Columbia Wrongful Death Workplace Accident Lawyer

When someone goes to work and does not come home, the loss reaches far beyond grief. Families are left without a provider, a parent, a partner, and often without any clear understanding of what their legal rights actually are. A Columbia wrongful death workplace accident lawyer helps those families hold the responsible parties accountable, not just the employer, but third-party contractors, equipment manufacturers, property owners, and anyone else whose negligence contributed to the death. South Carolina law gives surviving family members the right to pursue compensation for what was taken from them, and that window of time to act is limited.

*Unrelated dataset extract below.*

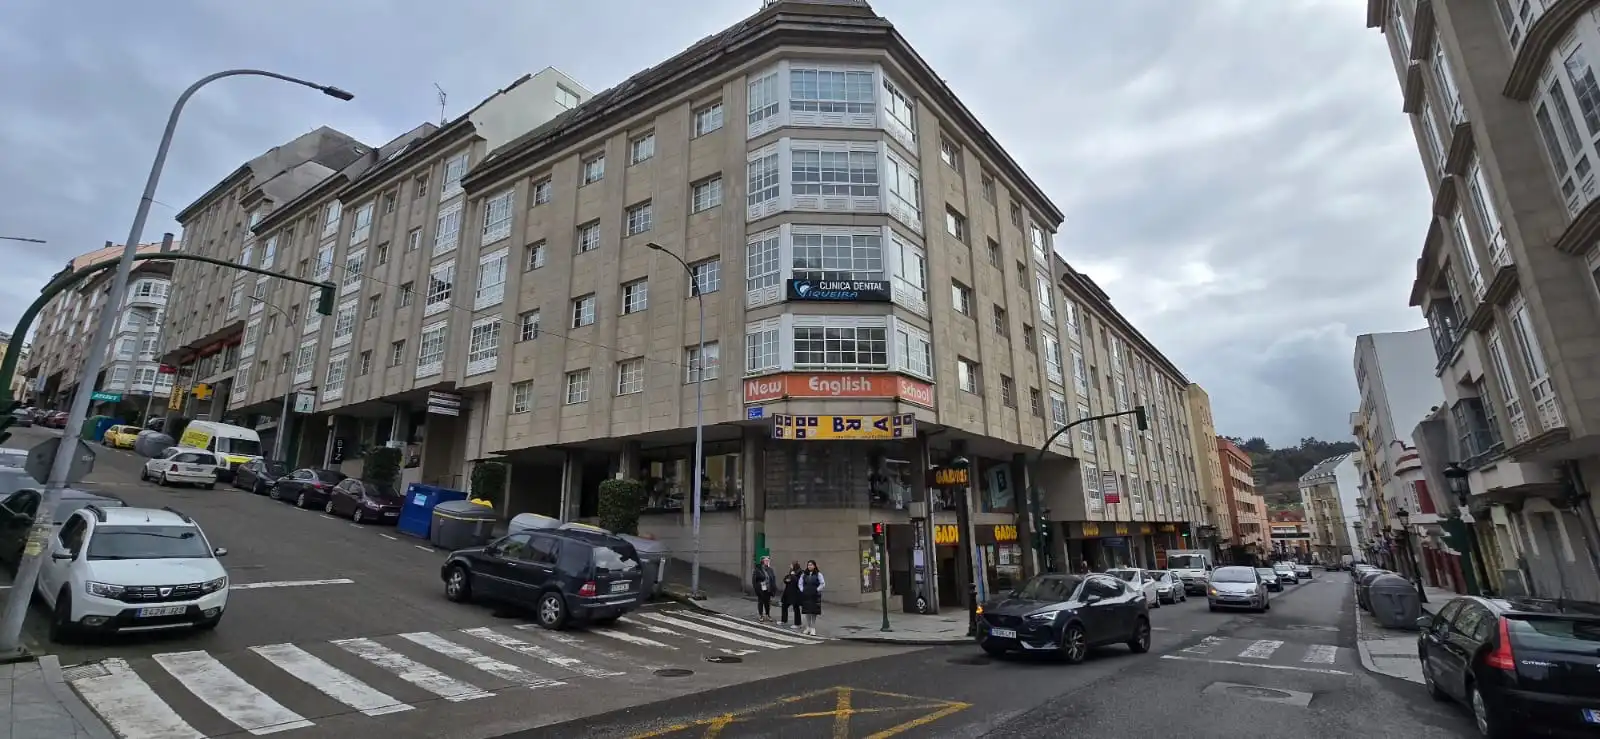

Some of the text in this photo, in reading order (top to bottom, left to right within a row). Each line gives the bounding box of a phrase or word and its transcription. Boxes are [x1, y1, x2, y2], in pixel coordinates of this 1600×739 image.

[819, 281, 884, 291] CLINICA DENTAL
[748, 376, 930, 402] New English School
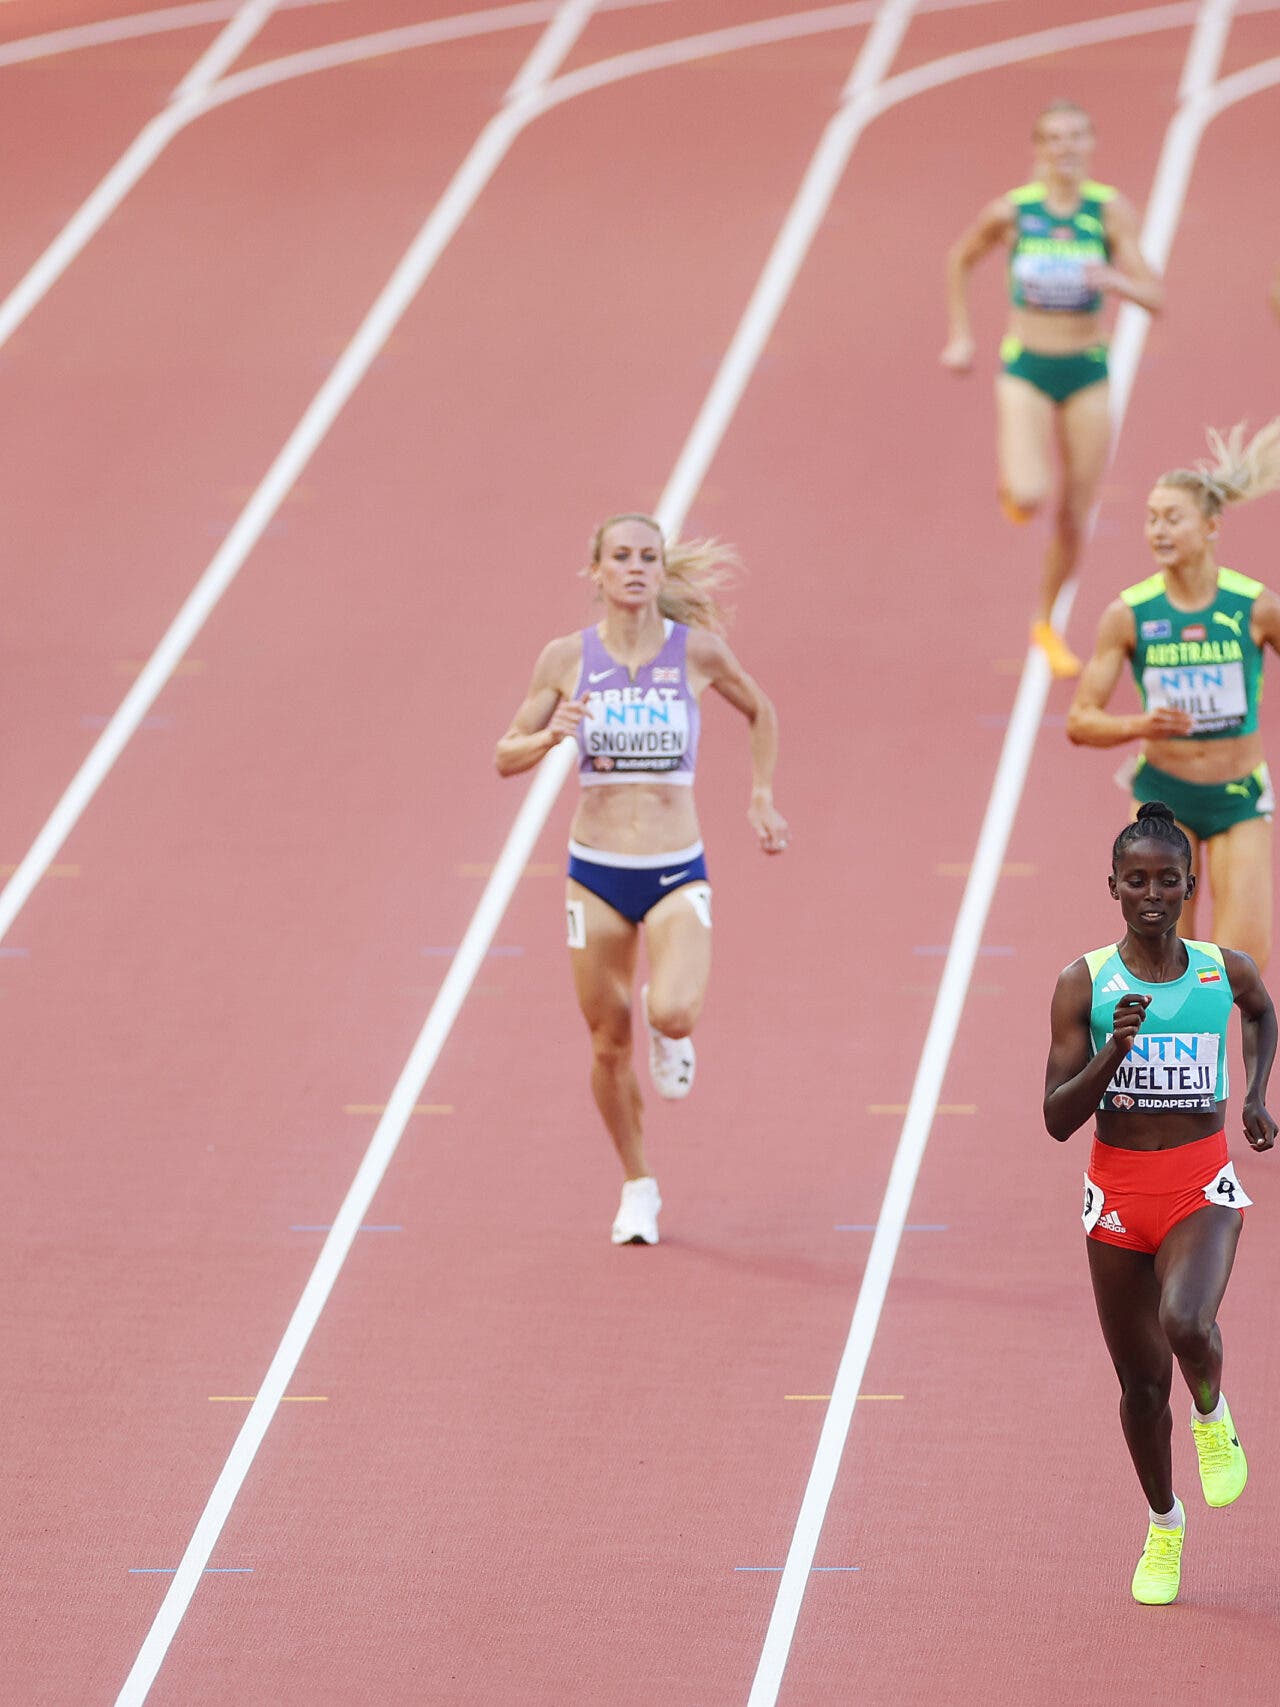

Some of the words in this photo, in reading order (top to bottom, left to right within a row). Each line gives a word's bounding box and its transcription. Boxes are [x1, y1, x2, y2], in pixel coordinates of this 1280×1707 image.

Workplace deaths happen across every industry in the Columbia area, from construction along the rapid development corridors of the Midlands to manufacturing and logistics facilities, agricultural operations in the surrounding counties, and government and utility work throughout Richland and Lexington counties. Each of these environments carries its own risk profile, its own set of potentially responsible parties, and its own set of insurance and regulatory layers that a wrongful death claim must cut through. The workers’ compensation system is typically the first response, but it was never designed to be the only remedy, particularly when a third party bears meaningful responsibility for the death.

What distinguishes a workplace wrongful death claim from other personal injury cases is the layered legal framework that governs it. Workers’ compensation provides benefits to surviving dependents but caps those benefits and shields the employer from most lawsuits. A wrongful death attorney in Columbia looks past that shield to identify every independent theory of liability that allows a full civil action, one that can pursue the complete range of damages: lost lifetime earnings, loss of companionship, funeral and burial expenses, and the full measure of the financial and emotional damage the family has suffered.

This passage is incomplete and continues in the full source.